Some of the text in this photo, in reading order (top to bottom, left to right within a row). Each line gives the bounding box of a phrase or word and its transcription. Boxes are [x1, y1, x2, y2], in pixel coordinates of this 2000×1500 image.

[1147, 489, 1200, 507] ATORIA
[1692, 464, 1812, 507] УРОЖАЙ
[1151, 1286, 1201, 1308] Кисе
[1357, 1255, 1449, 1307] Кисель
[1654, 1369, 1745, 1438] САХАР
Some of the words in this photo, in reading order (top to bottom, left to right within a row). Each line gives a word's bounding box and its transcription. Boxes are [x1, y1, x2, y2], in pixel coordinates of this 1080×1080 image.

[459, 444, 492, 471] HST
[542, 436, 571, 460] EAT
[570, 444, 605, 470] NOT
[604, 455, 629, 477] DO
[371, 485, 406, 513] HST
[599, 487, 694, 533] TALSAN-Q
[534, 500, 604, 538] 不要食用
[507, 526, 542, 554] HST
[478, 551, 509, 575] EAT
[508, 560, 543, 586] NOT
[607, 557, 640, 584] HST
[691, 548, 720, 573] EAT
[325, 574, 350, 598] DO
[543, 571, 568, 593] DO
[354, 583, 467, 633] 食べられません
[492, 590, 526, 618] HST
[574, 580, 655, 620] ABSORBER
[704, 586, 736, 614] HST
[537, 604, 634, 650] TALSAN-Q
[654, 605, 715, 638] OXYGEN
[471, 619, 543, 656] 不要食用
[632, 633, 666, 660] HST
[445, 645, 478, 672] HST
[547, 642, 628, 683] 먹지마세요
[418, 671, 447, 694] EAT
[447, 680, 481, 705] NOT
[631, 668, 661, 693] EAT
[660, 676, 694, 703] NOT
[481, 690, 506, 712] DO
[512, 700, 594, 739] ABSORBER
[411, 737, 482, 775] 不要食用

----

> [The task]
Reply with the complete records, restated exactly.

> [Reply to the task]
Some of the text in this photo, in reading order (top to bottom, left to right within a row). Each line gives the bounding box of a phrase or word and its transcription. Boxes are [x1, y1, x2, y2], in pixel coordinates of this 2000×1500 image.

[1147, 489, 1200, 507] ATORIA
[1692, 464, 1812, 507] УРОЖАЙ
[1151, 1286, 1201, 1308] Кисе
[1357, 1255, 1449, 1307] Кисель
[1654, 1369, 1745, 1438] САХАР
Some of the words in this photo, in reading order (top to bottom, left to right within a row). Each line gives a word's bounding box and its transcription. Boxes are [x1, y1, x2, y2], in pixel coordinates of this 1080×1080 image.

[459, 444, 492, 471] HST
[542, 436, 571, 460] EAT
[570, 444, 605, 470] NOT
[604, 455, 629, 477] DO
[371, 485, 406, 513] HST
[599, 487, 694, 533] TALSAN-Q
[534, 500, 604, 538] 不要食用
[507, 526, 542, 554] HST
[478, 551, 509, 575] EAT
[508, 560, 543, 586] NOT
[607, 557, 640, 584] HST
[691, 548, 720, 573] EAT
[325, 574, 350, 598] DO
[543, 571, 568, 593] DO
[354, 583, 467, 633] 食べられません
[492, 590, 526, 618] HST
[574, 580, 655, 620] ABSORBER
[704, 586, 736, 614] HST
[537, 604, 634, 650] TALSAN-Q
[654, 605, 715, 638] OXYGEN
[471, 619, 543, 656] 不要食用
[632, 633, 666, 660] HST
[445, 645, 478, 672] HST
[547, 642, 628, 683] 먹지마세요
[418, 671, 447, 694] EAT
[447, 680, 481, 705] NOT
[631, 668, 661, 693] EAT
[660, 676, 694, 703] NOT
[481, 690, 506, 712] DO
[512, 700, 594, 739] ABSORBER
[411, 737, 482, 775] 不要食用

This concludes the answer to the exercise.